▸ WHAT TO WORK ON
Please return all records verbatim, no pictures.
•••••
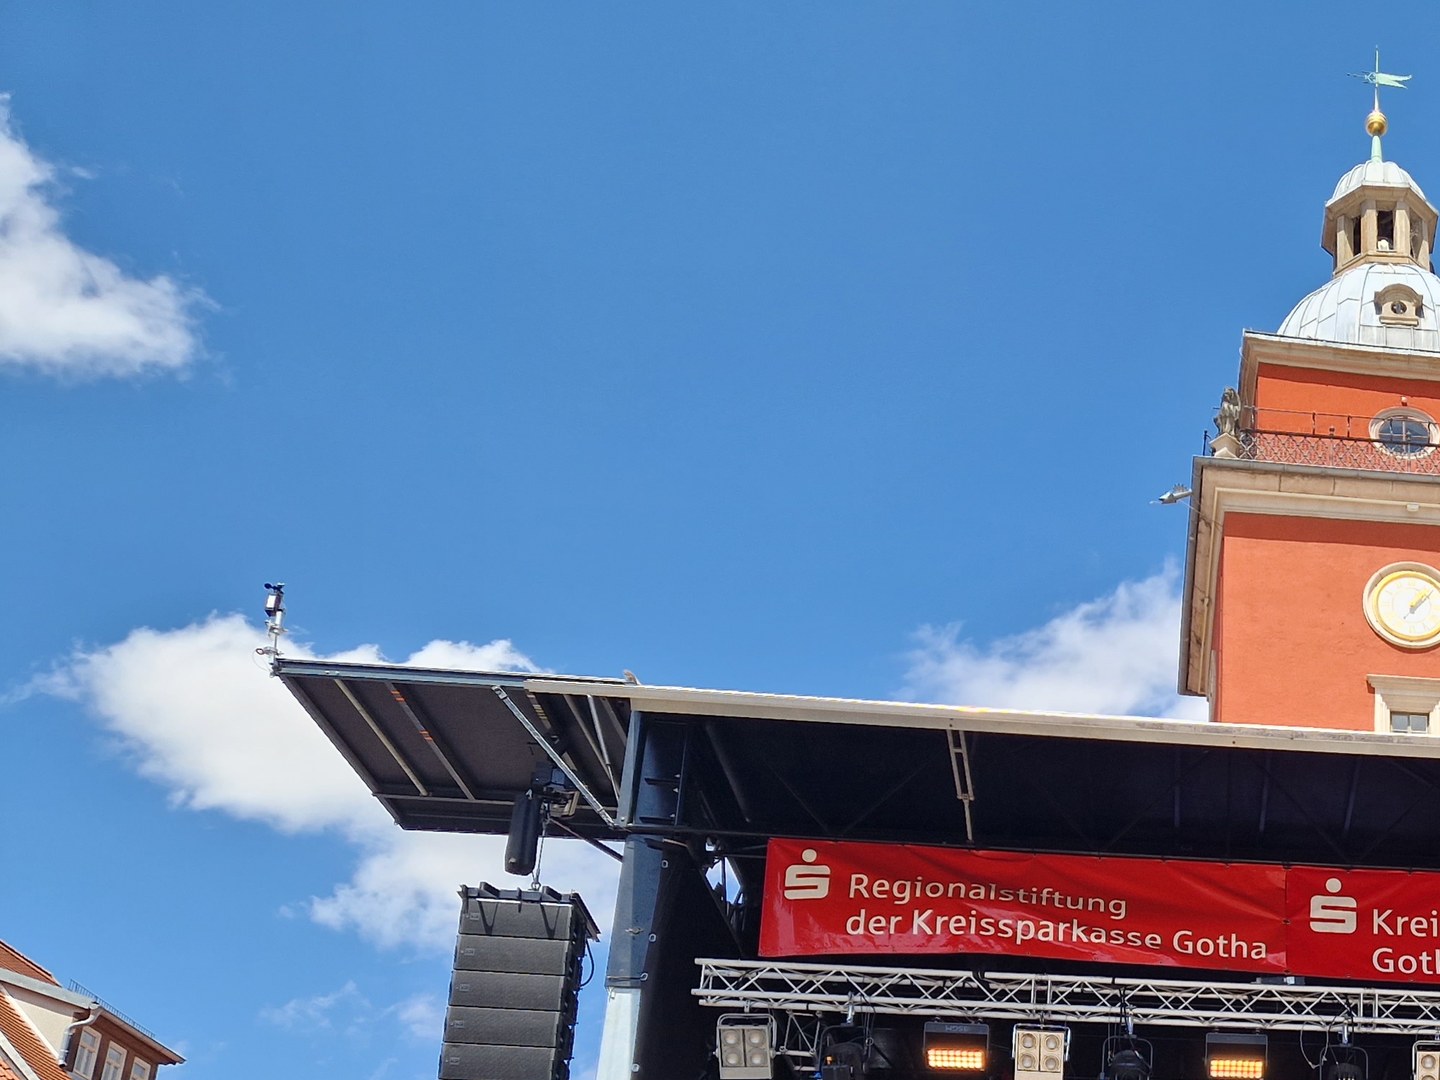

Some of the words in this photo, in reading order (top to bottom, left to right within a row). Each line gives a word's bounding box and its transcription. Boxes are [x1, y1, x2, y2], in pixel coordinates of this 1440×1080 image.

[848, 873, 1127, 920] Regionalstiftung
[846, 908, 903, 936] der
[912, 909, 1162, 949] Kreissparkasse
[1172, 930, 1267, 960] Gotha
•••••
▸ SOLVED PROBLEM
Some of the words in this photo, in reading order (top to bottom, left to right within a row). Each line gives a word's bounding box and its transcription. Boxes are [x1, y1, x2, y2], in pixel coordinates of this 1440×1080 image.

[848, 873, 1127, 920] Regionalstiftung
[846, 908, 903, 936] der
[912, 909, 1162, 949] Kreissparkasse
[1172, 930, 1267, 960] Gotha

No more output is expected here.